Recorded data:
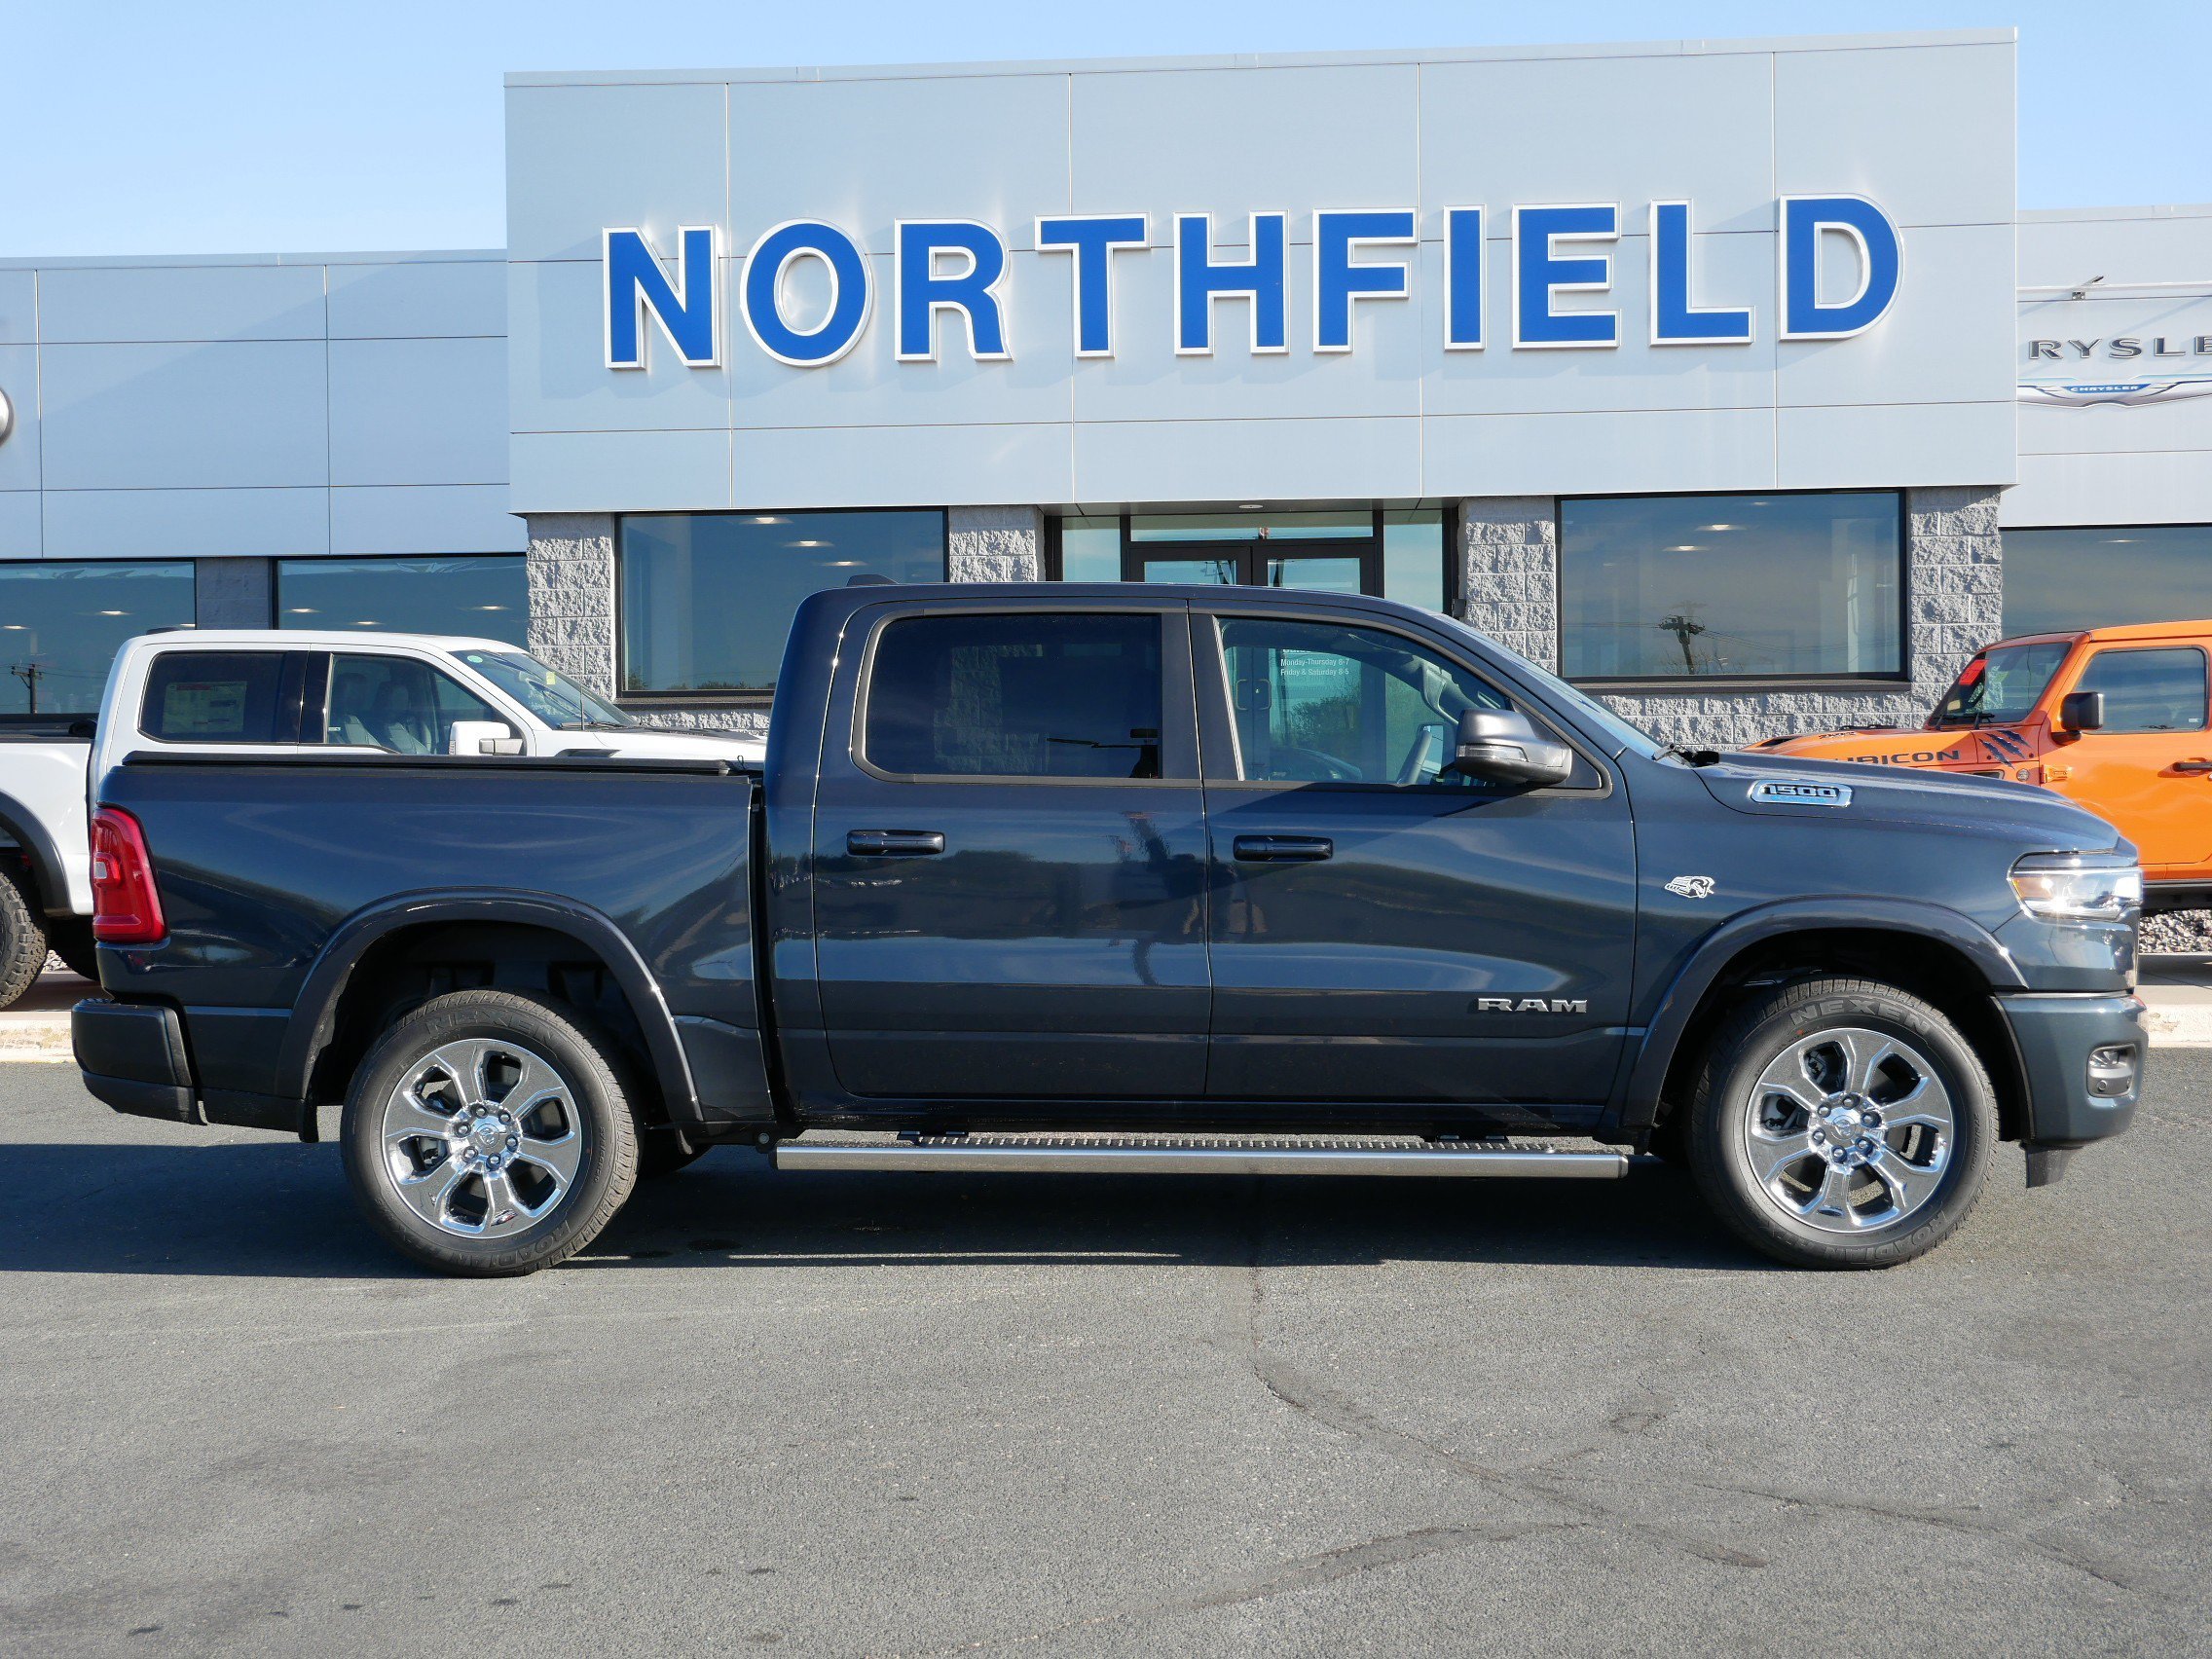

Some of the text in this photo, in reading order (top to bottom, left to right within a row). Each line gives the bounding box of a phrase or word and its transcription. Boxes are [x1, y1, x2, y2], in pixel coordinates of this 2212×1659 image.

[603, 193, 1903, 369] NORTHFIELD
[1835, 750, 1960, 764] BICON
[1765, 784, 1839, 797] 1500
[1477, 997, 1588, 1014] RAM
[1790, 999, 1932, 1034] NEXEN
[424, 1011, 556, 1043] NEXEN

Task details: Leave images out of the retyped records; keep all else exact.

Solved problem:
Some of the text in this photo, in reading order (top to bottom, left to right within a row). Each line gives the bounding box of a phrase or word and its transcription. Boxes are [x1, y1, x2, y2], in pixel coordinates of this 2212×1659 image.

[603, 193, 1903, 369] NORTHFIELD
[1835, 750, 1960, 764] BICON
[1765, 784, 1839, 797] 1500
[1477, 997, 1588, 1014] RAM
[1790, 999, 1932, 1034] NEXEN
[424, 1011, 556, 1043] NEXEN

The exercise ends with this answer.